Осенью 1932 г. на Кубань прибыл «испытанный боец в борьбе за хлеб на юге России» корреспондент «Правды» Ставский, сразу определивший настроение казаков, как явно «контрреволюционное»: «Белогвардейская Вандея ответила на создание колхозов новыми методами контрреволюционной деятельности — террором… В сотне кубанских станиц были факты избиения и убийств наших беспартийных активистов… Наступил новый этап тактики врага, борьба против колхозов не только извне, как это было раньше, но и борьба изнутри».
В Новотатаровской Ставский обнаружил 80 казаков, вернувшихся из ссылки, и тут же донес: «Местные власти не принимают никаких мер против этих белогвардейцев… Саботаж, организованный кулацкими элементами Кубани… Классовый враг действует решительно и порой не без успеха…» И решительный вывод: «Стрелять надо контрреволюционеров-вредителей!»
И — стреляли! Волна расказачивания начала 1930-х гг. прокатилась не только по казачьим землям. Затронула напрямую она и тех казаков, что вынужденно покинули свои станицы, спасаясь от репрессий. Одновременно с «ликвидацией кулачества» на хлебном юге, видимо, было решено нанести удар в столице, где к тому времени оказалось довольно много вынужденных переселенцев из казачьих областей. Задача ставилась ликвидировать не просто бывших противников и возможных свидетелей массового террора — уничтожались наиболее грамотные и авторитетные в казачьей среде.
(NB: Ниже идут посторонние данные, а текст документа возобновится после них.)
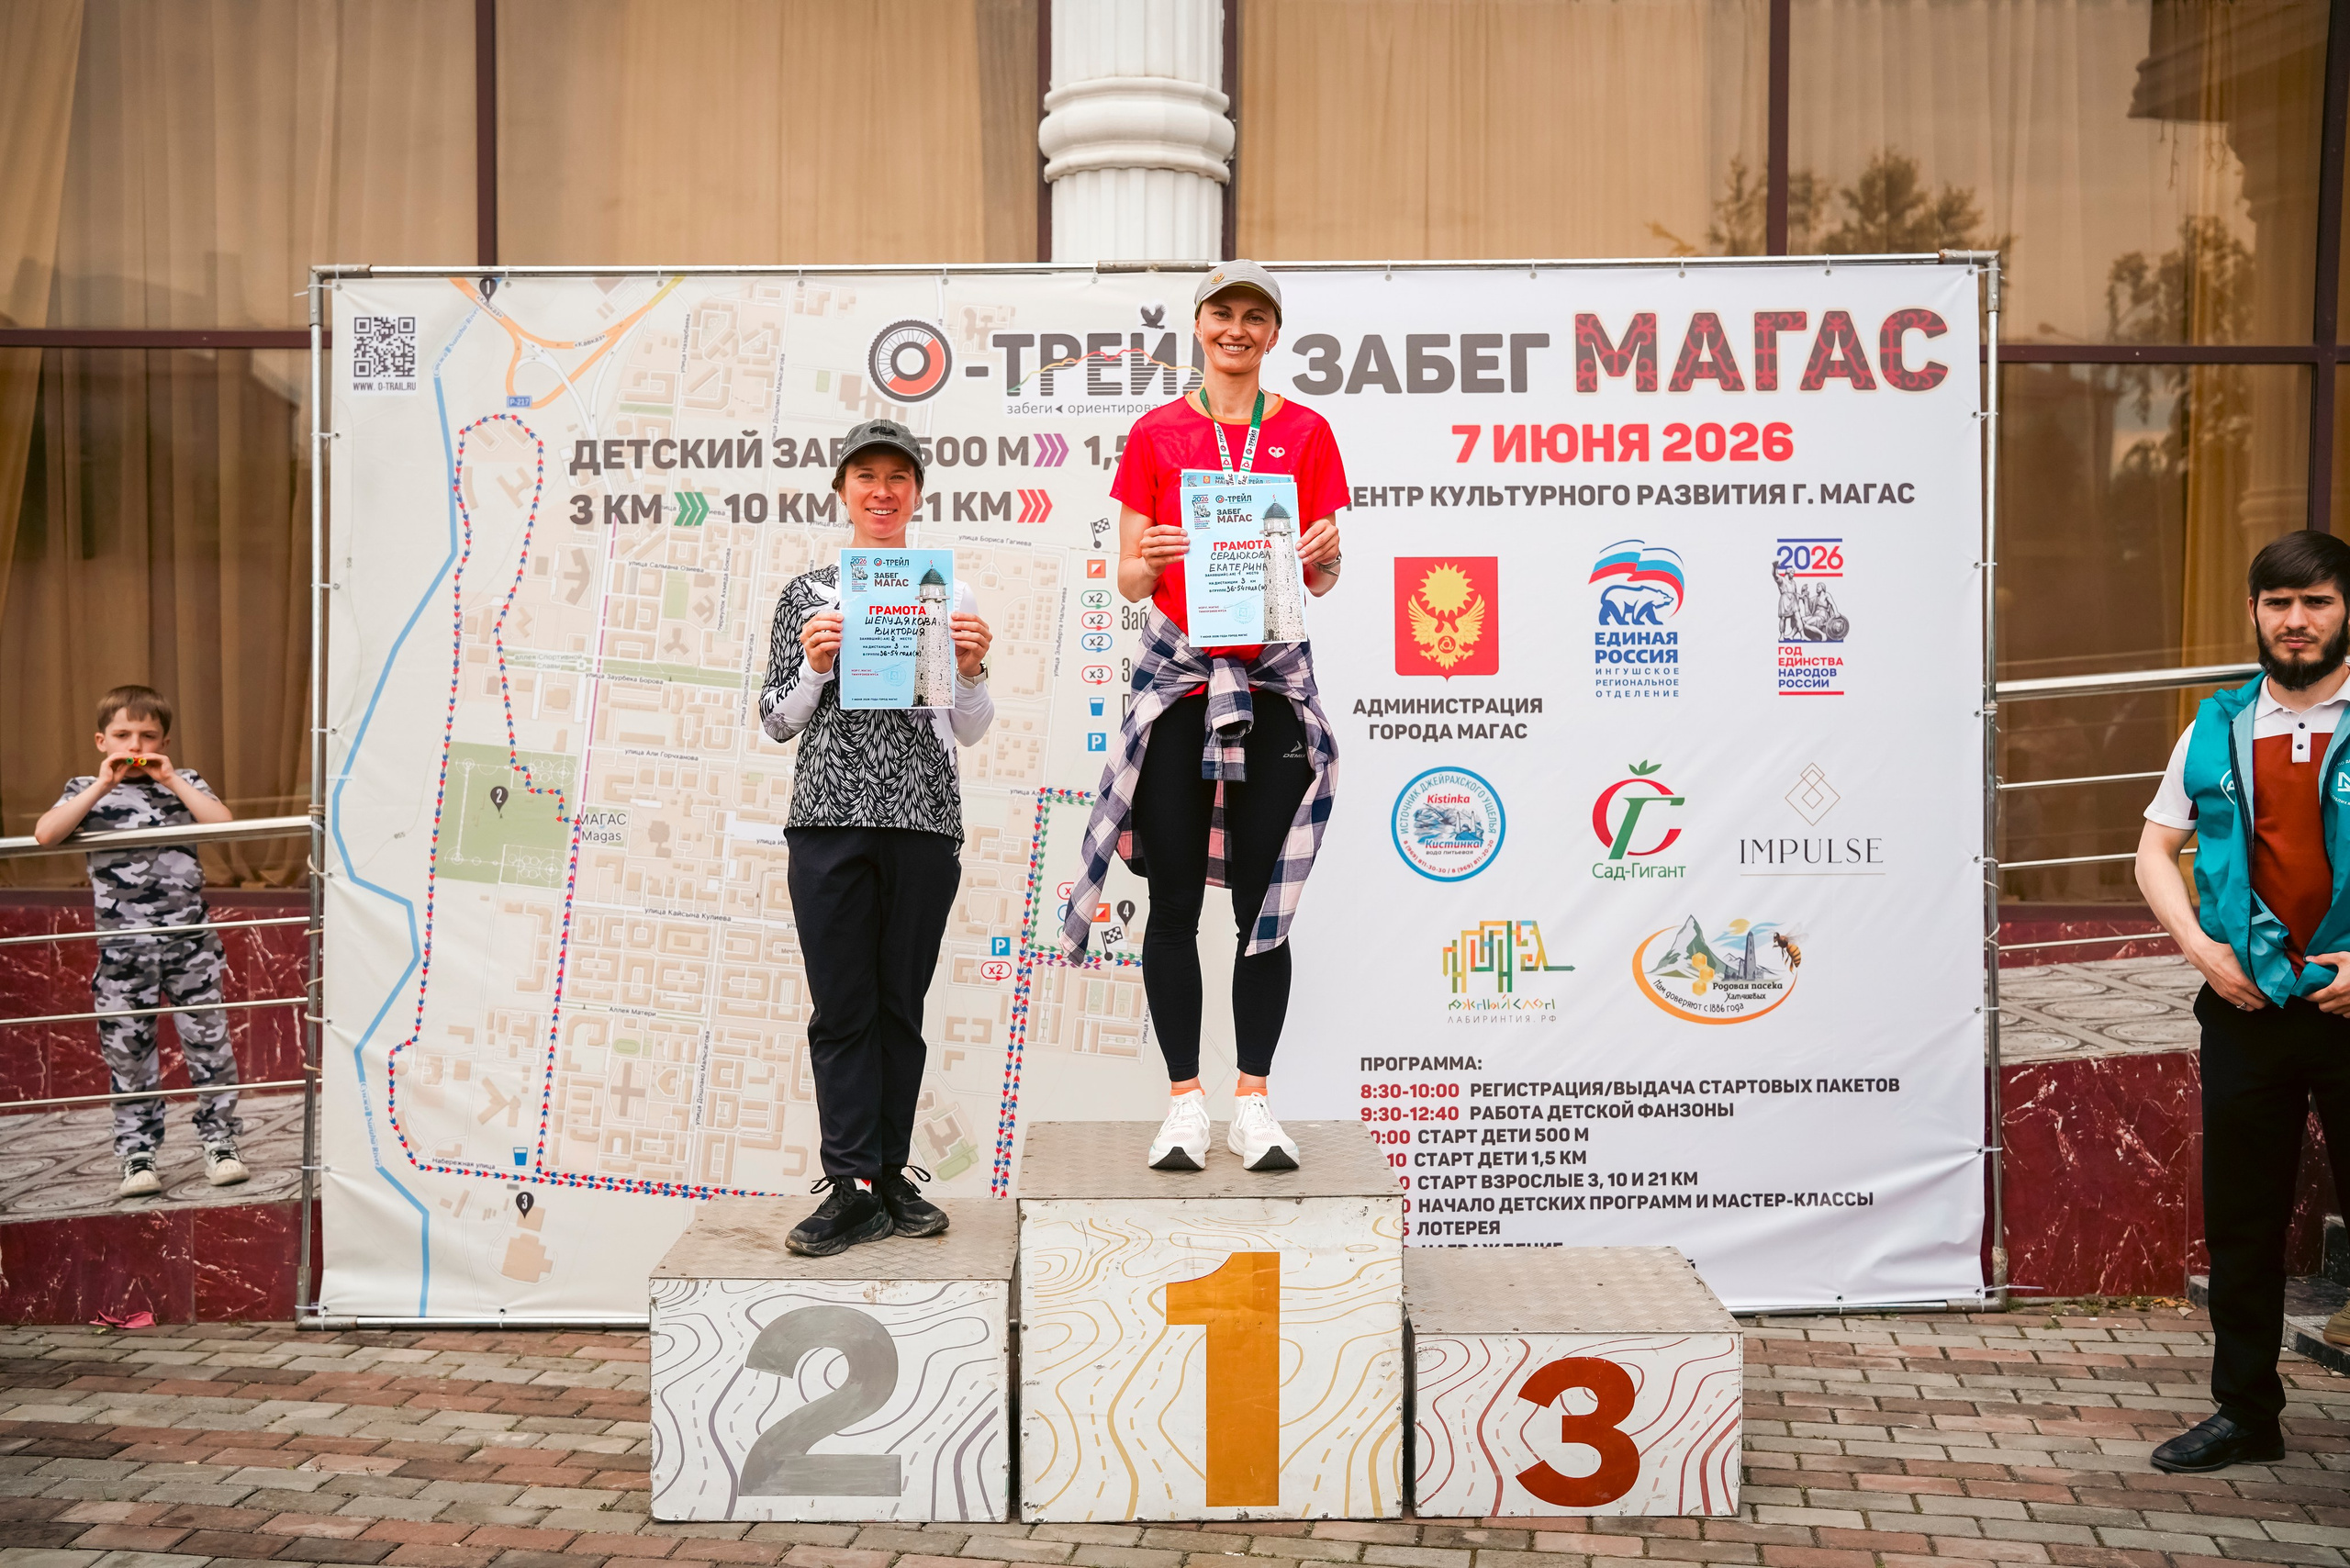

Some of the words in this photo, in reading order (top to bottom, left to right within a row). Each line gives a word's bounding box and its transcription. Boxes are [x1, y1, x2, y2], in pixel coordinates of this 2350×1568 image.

[575, 333, 606, 348] «Кавказ»
[1291, 332, 1550, 396] ЗАБЕГ
[1573, 308, 1951, 394] МАГАС
[1006, 401, 1053, 415] забеги
[1450, 423, 1482, 463] 7
[1493, 422, 1651, 463] ИЮНЯ
[1662, 421, 1796, 463] 2026
[569, 429, 763, 476] ДЕТСКИЙ
[998, 435, 1029, 466] М
[1430, 484, 1631, 507] КУЛЬТУРНОГО
[1638, 483, 1785, 506] РАЗВИТИЯ
[1793, 483, 1815, 505] Г.
[1821, 482, 1916, 506] МАГАС
[569, 494, 594, 525] 3
[603, 494, 663, 525] КМ
[723, 493, 768, 524] 10
[778, 493, 836, 523] КМ
[953, 490, 1012, 522] КМ
[1217, 514, 1253, 523] МАГАС
[958, 534, 979, 543] улица
[979, 535, 1005, 544] Бориса
[1006, 539, 1032, 547] Гагиева
[1213, 540, 1272, 551] ГРАМОТА
[1210, 551, 1271, 561] СЕРДЮКОВА
[1776, 545, 1844, 570] 2026
[628, 560, 648, 569] улица
[649, 562, 678, 571] Салмана
[680, 565, 705, 574] Озиева
[1209, 562, 1269, 572] ЕКАТЕРИНА
[874, 578, 910, 587] МАГАС
[1088, 593, 1103, 604] x2
[868, 606, 927, 615] ГРАМОТА
[865, 615, 937, 625] ШЕЛУДЯКОВА
[1089, 614, 1104, 625] x2
[874, 627, 925, 636] ВИКТОРИЯ
[1089, 635, 1104, 646] x2
[1595, 632, 1678, 646] ЕДИНАЯ
[1595, 648, 1678, 664] РОССИЯ
[1777, 646, 1802, 656] ГОД
[1777, 657, 1844, 667] ЕДИНСТВА
[585, 671, 605, 680] улица
[607, 672, 638, 683] Заурбека
[639, 675, 664, 685] Борова
[1089, 667, 1104, 679] x3
[1595, 667, 1679, 676] ИНГУШСКОЕ
[1777, 668, 1838, 678] НАРОДОВ
[1595, 678, 1679, 687] РЕГИОНАЛЬНОЕ
[1777, 678, 1830, 689] РОССИИ
[1595, 689, 1679, 699] ОТДЕЛЕНИЕ
[1352, 697, 1543, 718] АДМИНИСТРАЦИЯ
[1369, 723, 1453, 743] ГОРОДА
[1458, 722, 1528, 740] МАГАС
[624, 747, 644, 756] улица
[646, 748, 659, 757] Али
[660, 751, 699, 762] Горчханова
[496, 788, 503, 804] 2
[1427, 793, 1471, 804] Kistinka
[1400, 789, 1421, 834] ИСТОЧНИК
[1420, 773, 1486, 799] ДЖЕЙРАХСКОГО
[1482, 796, 1497, 834] УЩЕЛЬЯ
[578, 812, 628, 826] МАГАС
[581, 830, 622, 844] Magas
[755, 837, 777, 846] улица
[1425, 839, 1480, 849] Кистинка
[1740, 837, 1885, 864] IMPULSE
[1591, 862, 1686, 880] Сад-Гигант
[644, 907, 666, 916] улица
[667, 908, 700, 920] Кайсына
[701, 913, 732, 923] Кулиева
[1123, 902, 1129, 918] 4
[988, 964, 1003, 975] x2
[1712, 982, 1749, 991] Родовая
[1751, 981, 1783, 991] пасека
[1652, 979, 1666, 995] Нам
[1665, 991, 1702, 1011] доверяют
[1704, 1004, 1708, 1013] с
[1709, 1003, 1725, 1013] 1886
[1726, 1002, 1744, 1014] года
[609, 1006, 630, 1014] Аллея
[631, 1008, 656, 1018] Матери
[1360, 1056, 1483, 1071] ПРОГРАММА:
[1360, 1083, 1460, 1099] 8:30-10:00
[1470, 1081, 1695, 1098] РЕГИСТРАЦИЯ/ВЫДАЧА
[1698, 1079, 1813, 1094] СТАРТОВЫХ
[1816, 1078, 1900, 1093] ПАКЕТОВ
[1360, 1106, 1460, 1122] 9:30-12:40
[1470, 1104, 1544, 1121] РАБОТА
[1547, 1100, 1634, 1122] ДЕТСКОЙ
[1637, 1102, 1734, 1118] ФАНЗОНЫ
[1417, 1128, 1478, 1144] СТАРТ
[1481, 1128, 1531, 1146] ДЕТИ
[1535, 1127, 1570, 1143] 500
[1573, 1126, 1589, 1142] М
[431, 1157, 470, 1169] Набережная
[471, 1160, 496, 1170] улица
[1414, 1152, 1474, 1168] СТАРТ
[1477, 1151, 1528, 1169] ДЕТИ
[1530, 1150, 1556, 1168] 1,5
[1560, 1150, 1587, 1165] КМ
[1417, 1174, 1478, 1191] СТАРТ
[1481, 1173, 1584, 1190] ВЗРОСЛЫЕ
[1587, 1173, 1605, 1190] 3,
[1607, 1172, 1628, 1187] 10
[1631, 1171, 1644, 1187] И
[1648, 1171, 1667, 1186] 21
[1672, 1171, 1698, 1186] КМ
[520, 1193, 529, 1210] 3
[1418, 1197, 1495, 1213] НАЧАЛО
[1498, 1195, 1586, 1215] ДЕТСКИХ
[1589, 1194, 1692, 1210] ПРОГРАММ
[1696, 1194, 1708, 1208] И
[1712, 1192, 1874, 1208] МАСТЕР-КЛАССЫ
[1416, 1220, 1501, 1237] ЛОТЕРЕЯ
[1166, 1251, 1281, 1506] 1
[737, 1305, 902, 1497] 2
[1516, 1357, 1640, 1506] 3
Осенью 1930 г. в Москве прошли массовые аресты казаков, проходивших по сфабрикованному органами ГПУ делу о т.н. «Казачьем блоке». Всего было осуждено 79 человек. Как гласило обвинительное заключение, «в августе-ноябре 1930 г. Особым отделом ОГПУ была раскрыта и ликвидирована существовавшая в Москве казачья контрреволюционная группировка, состоявшая в большинстве своем из видных казачьих контрреволюционных деятелей и белых офицеров, бежавших в свое время за границу и возвратившихся в СССР…»
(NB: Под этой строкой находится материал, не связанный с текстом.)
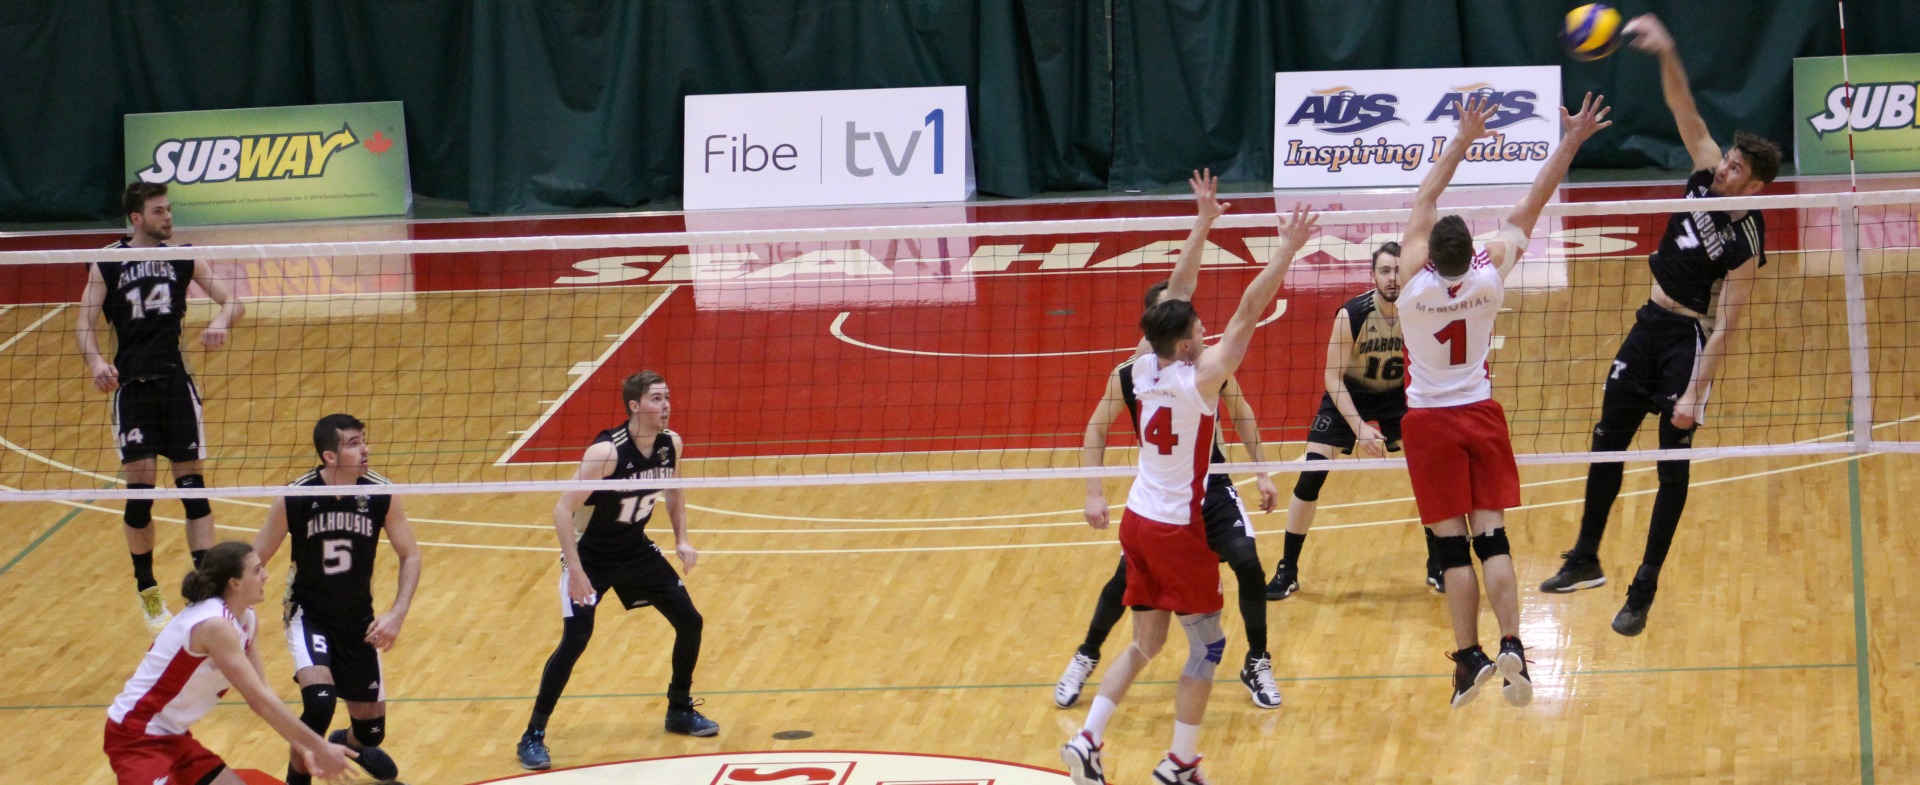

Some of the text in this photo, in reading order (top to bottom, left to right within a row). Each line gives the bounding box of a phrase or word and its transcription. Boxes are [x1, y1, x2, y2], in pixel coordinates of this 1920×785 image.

По делу были расстреляны 8 апреля 1931 г. 31 человек — в том числе бывший оренбургский атаман генерал-майор Н.С. Анисимов, член Кубанской Рады и правительства П.М. Каплин, известные белые генералы А.С. Секретев, Ю.К. Гравицкий, И.А. Николаев, Е.И. Зеленин, члены Донского войскового крута Мамонов, Чипликов, Медведев, Давыдов… Остальных ждали лагеря, членов их семей — высылка…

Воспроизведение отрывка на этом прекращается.